The Banks then applied to the Court for injunctive relief
halting the auction of the Unsold Shares. On September 24,
1990, the Court denied plaintiffs' motion, finding that there
was no irreparable harm in light of the Banks' inaction in
failing to pursue available contract remedies. Drexel I, Slip
Op. at 6-7. The Coop Corporations auctioned the apartments on
September 24, 1990. The Banks then moved the Court to appoint a
receiver of rents to protect the stream of income generated by
the rent-stabilized tenants of the previously unsold shares.
The Court denied the motion because the order for equitable
relief would have affected persons not party to the action and
might have increased the negative cash flow position of the
previously unsold units. Drexel II, Slip Op. at 4.
In their Amended Complaint*fn11 the Banks assert claims for
securities fraud, RICO, fraudulent conveyance and other state
law claims sounding in tort and contract. In sum the Amended
Complaint alleges that defendants intended to obtain from the
Banks financing through fraudulent misrepresentations, and
that they never intended to fulfill their obligations to the
Banks, the statutory tenants and the owners of the units.
Id., ¶¶ 78-79.
Sponsors deny that the Security Agreements prohibited them
from transferring Unsold Units. They moreover contend that
even if they were prohibited from doing so, the Banks' remedy
for breaching the contract was to foreclose on the loans and
looked to the collateral for damages.
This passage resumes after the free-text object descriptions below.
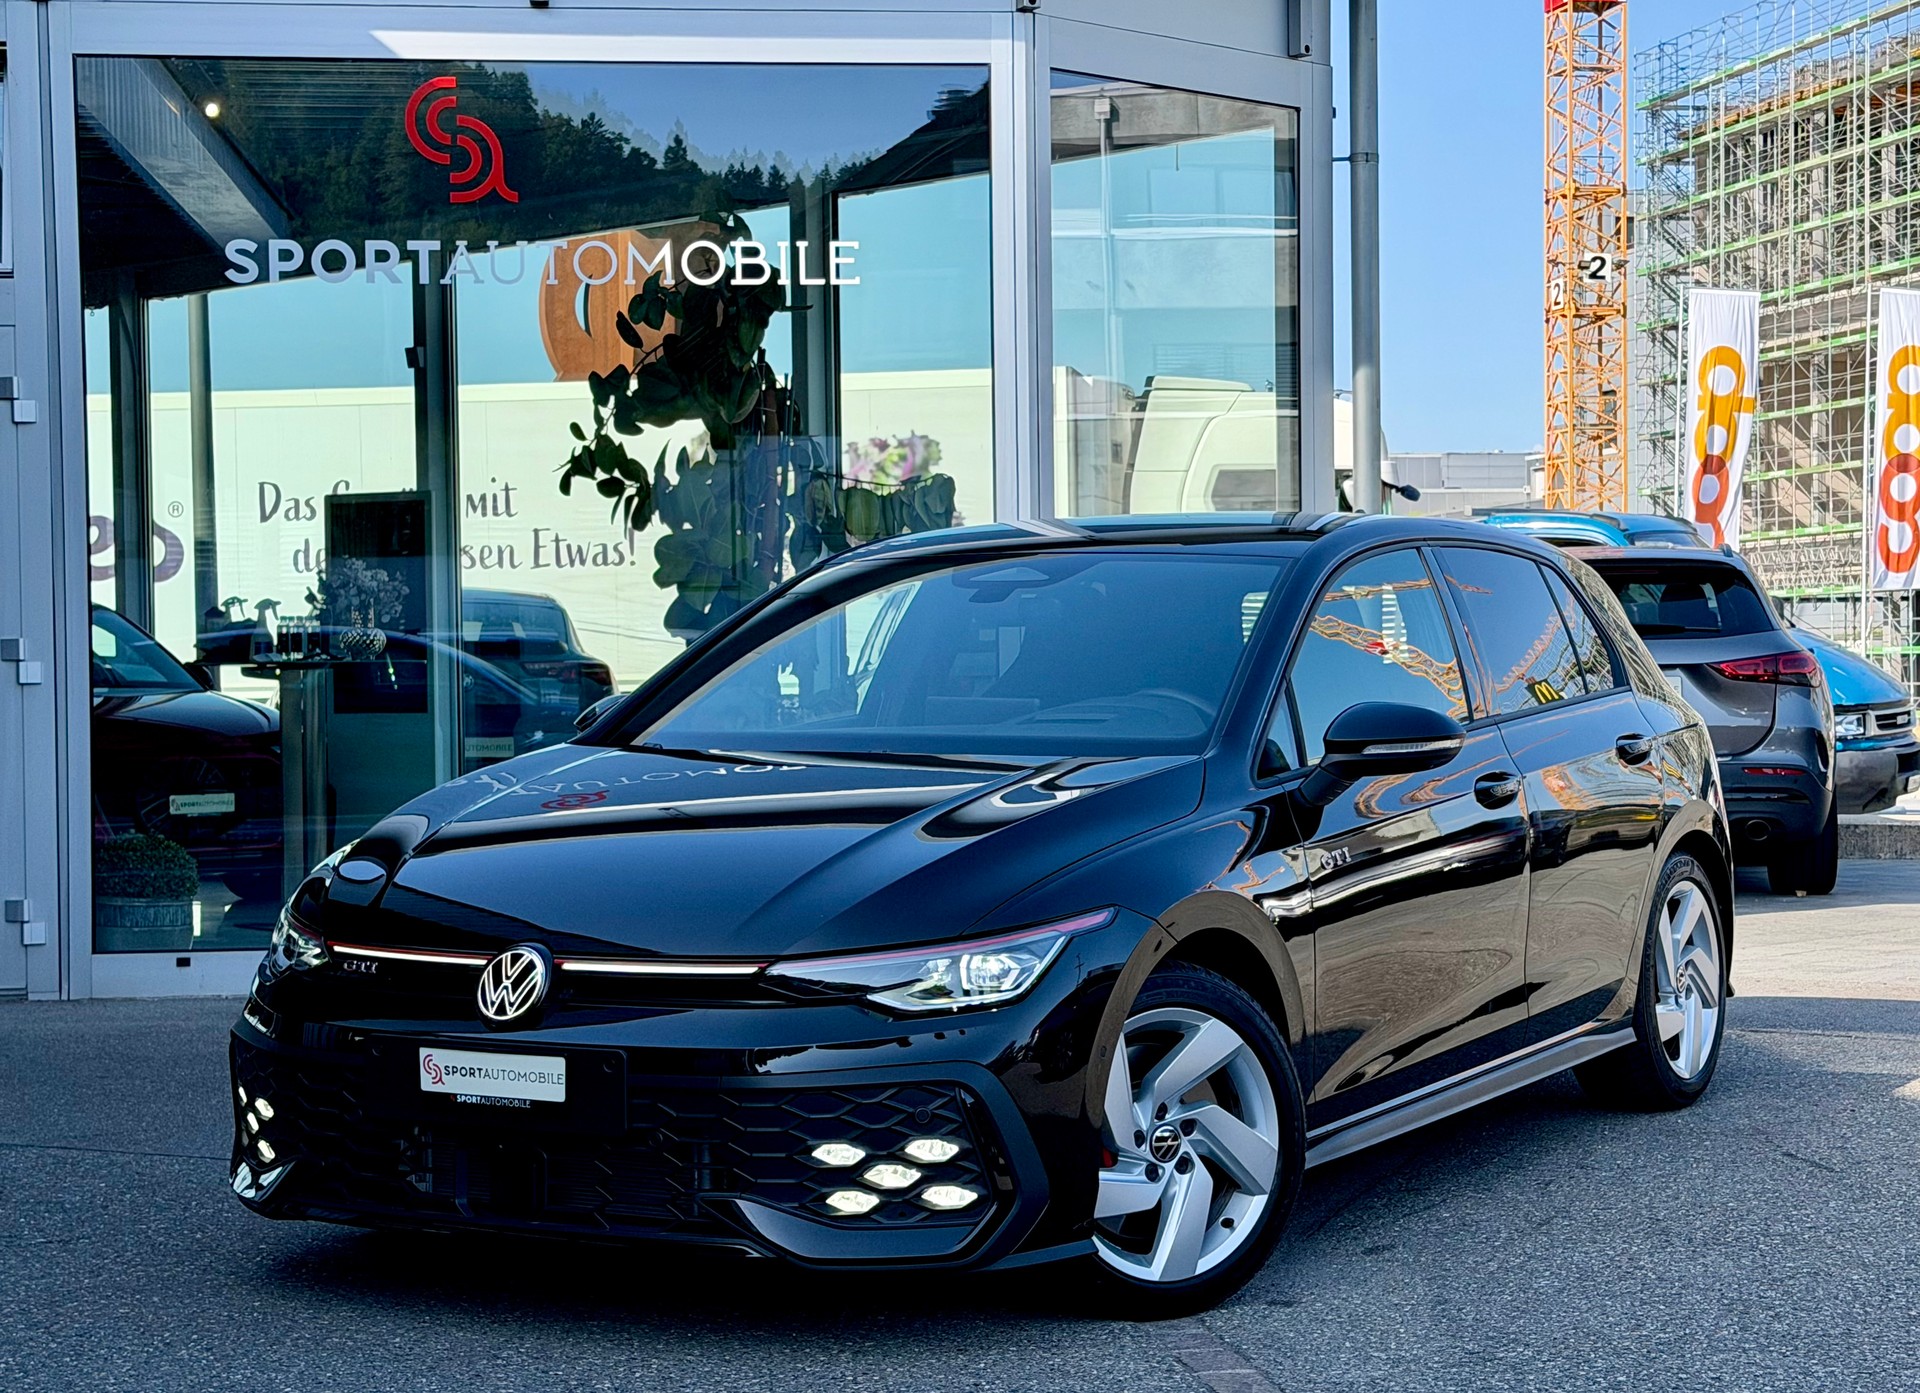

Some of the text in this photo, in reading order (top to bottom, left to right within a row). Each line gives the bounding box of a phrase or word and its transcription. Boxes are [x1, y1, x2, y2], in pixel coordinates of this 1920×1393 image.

[223, 238, 862, 286] SPORTAUTOMOBILE
[1588, 255, 1607, 280] 2
[1553, 282, 1562, 307] 2
[1691, 345, 1758, 549] oop
[257, 481, 318, 524] Das
[529, 527, 636, 570] Etwas!
[1321, 846, 1352, 870] GTI
[343, 960, 379, 974] GTI
[443, 1065, 565, 1086] SPORTAUTOMOBILE
[456, 1094, 531, 1109] SPORTAUTOMOBILE
They accuse plaintiffs
of attempting to reach past their non-recourse agreement and
involving the Sponsors in the default problem, which should be
strictly between the Coop Corporation and the Banks.
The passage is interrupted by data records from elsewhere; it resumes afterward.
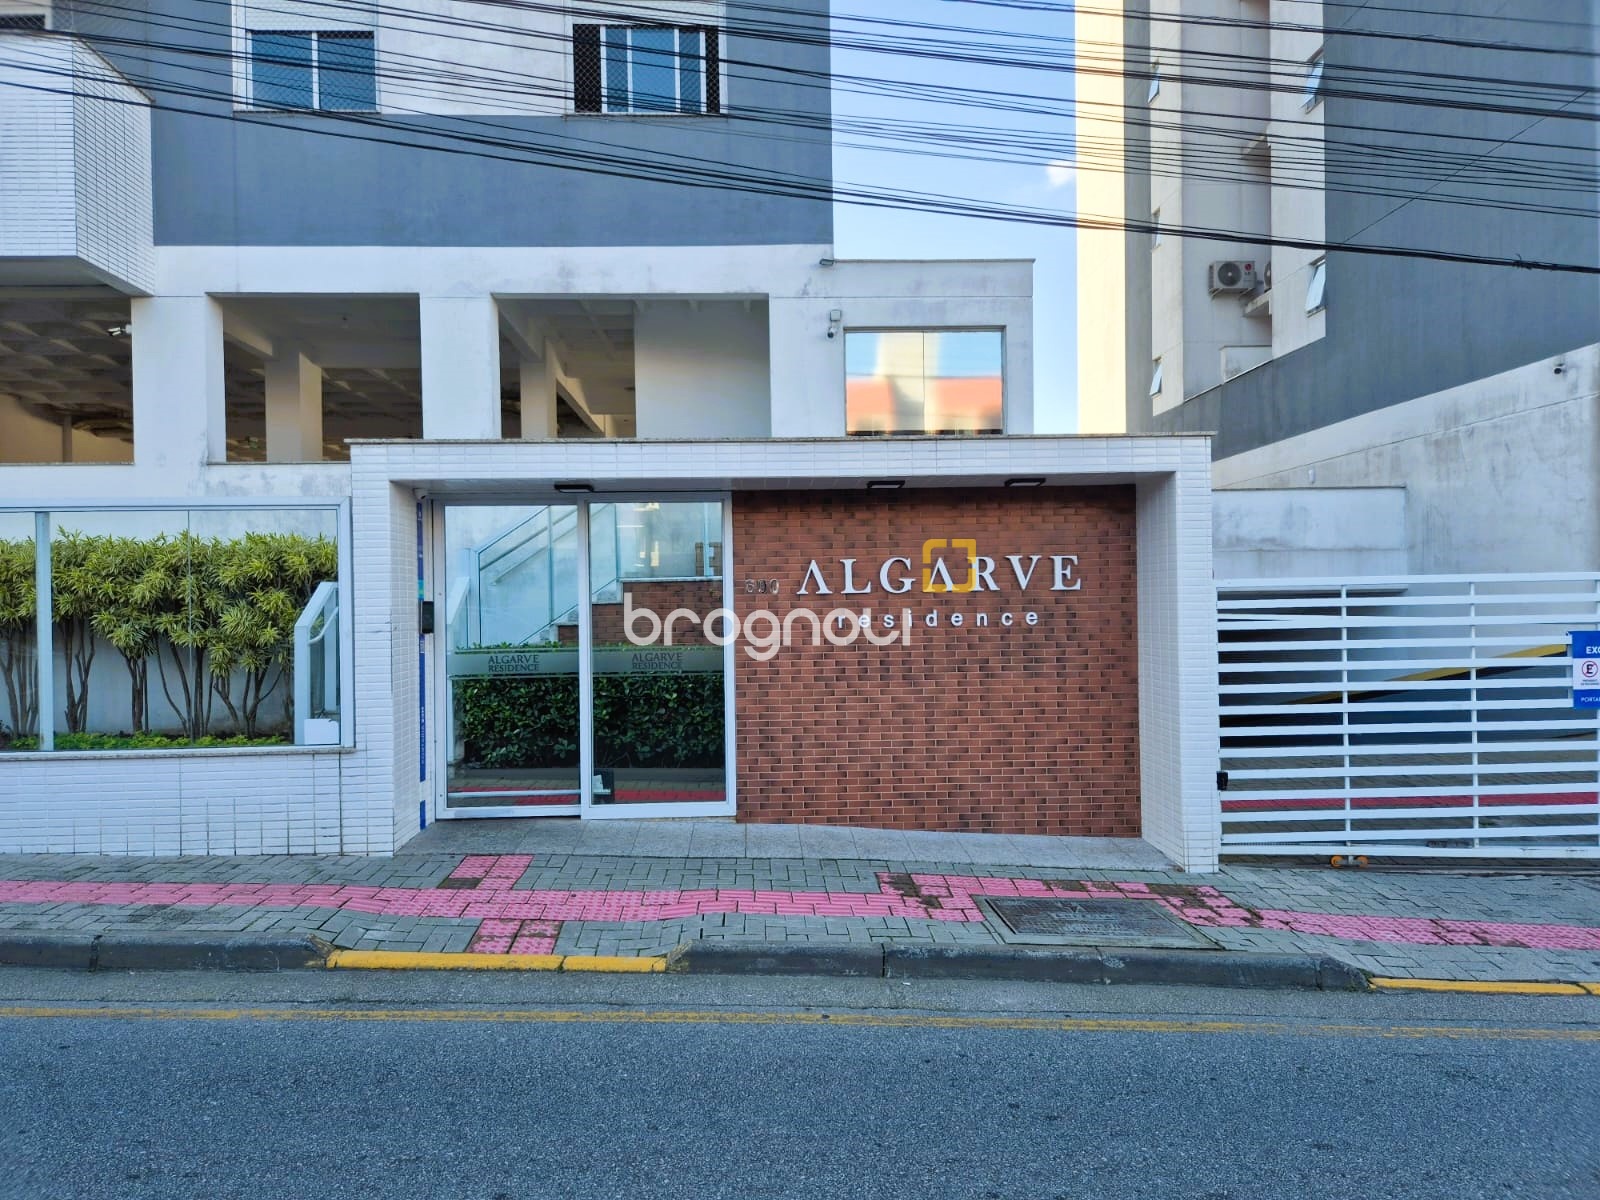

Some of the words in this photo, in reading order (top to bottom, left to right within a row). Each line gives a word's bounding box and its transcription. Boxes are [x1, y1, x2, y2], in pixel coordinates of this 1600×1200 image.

[796, 555, 1082, 594] ALGARVE
[836, 607, 1039, 629] residence
[487, 654, 541, 665] ALGARVE
[631, 652, 684, 662] ALGARVE
[488, 664, 541, 673] RESIDENCE
[631, 661, 683, 670] RESIDENCE
Defendants now move for dismissal of the Amended Complaint.
Defendants contend that the Banks have failed to state a claim
upon which relief may be granted for the securities fraud and
RICO claims; that they have not pled securities fraud or a
RICO violation with the requisite particularity; and that the
Court lacks subject matter jurisdiction over the state-law
claims once the federal question claims are dismissed.
I. The Securities Fraud ...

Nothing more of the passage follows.